I'm afraid of dying.
Human die so easily. We can be squished, if we fall from high ground we die. If an ant falls from high ground, he will not. Humans are soft... Filled with liquid and jelly organs. And fragile bones.
Cancer. I'm so afraid of cancer. Everyday I'm thinking of cancer. Do I have cancer? How should I know? I'm so worried. The tension has built up, and nowadays I'm close to tears when I think about it.

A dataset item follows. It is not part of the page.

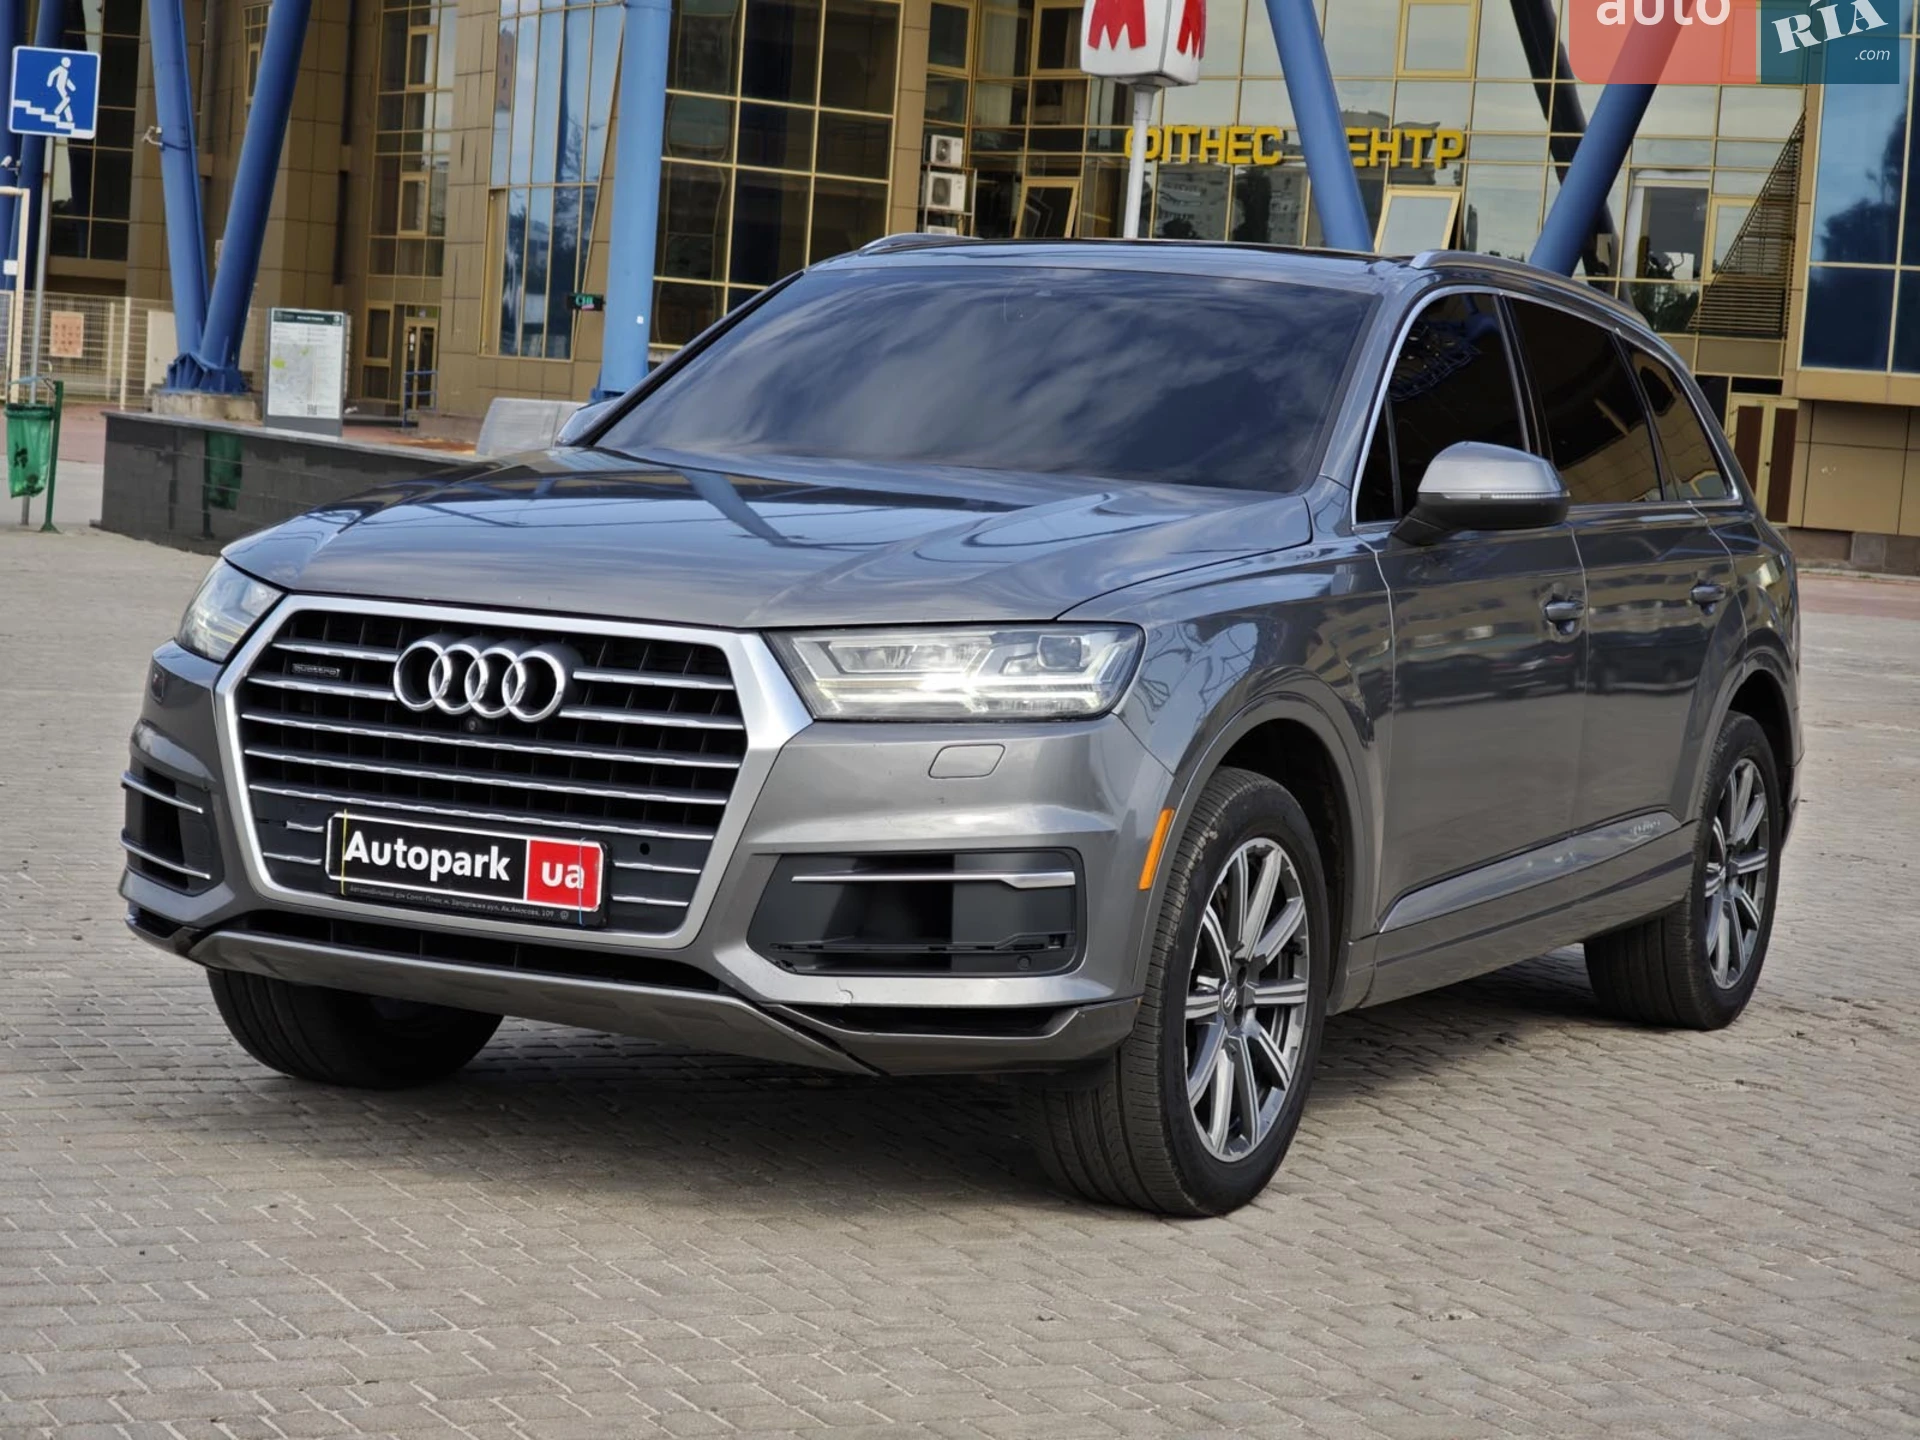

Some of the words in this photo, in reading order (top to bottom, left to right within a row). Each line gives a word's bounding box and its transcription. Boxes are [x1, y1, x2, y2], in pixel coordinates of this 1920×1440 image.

When I was younger, my Mother got cancer. My way towards her changed. I didn't know how I should look at her. She was acting strong. I was acting stronger. I got used to it. She had it for years. I stopped taking it seriously. The cancer went away but attacked other organs. I thought she would get out of it again. I never realized... At the last hospital... Relatives told me, this part of the hospital are for people who will die soon. I didn't believe them. We slept over, my dad and me. In the morning, nurses called her dead. I didn't believe it. She was still alive. She was breathing, with her eyes open, but they had faded like dead eyes do. I couldn't believe it. I saw it as a coma. She would wake up someday, like a miracle and everybody would be there. She would come home and make it bearable for me.
All my other relatives came. They surrounded me, hugged me crying. Crying out loud to me that I should cry too, but how could I? She was still alive. I didn't understand how people around me could call that being dead. Breathing = alive...
Time passed and it was time for her funeral ceremony. I sat at the front row with my father and he started crying. It was weird for me to see such a strong man cry. He who always had been the one to start arguments in the family. Feisty personality, never serious unless he's angry. I was wondering if he did it just for show. I comforted him, but only little. It was weird.
Why am I here?
I remember looking at the coffin and thinking that my Mother was there. She might still wake up. One of my biggest fears is to be buried alive... I wanted to open the coffin and find her, so I asked my Father if she was there, and in what condition.
"Cremated" he said. I was wondering what they had done with my Mother. Surely they could not have burnt her up. That would be murder... Had they mixed her up with someone else? I just couldn't let myself realize for some reason...
Then I did the worst thing someone can ever do at a funeral. I ran away...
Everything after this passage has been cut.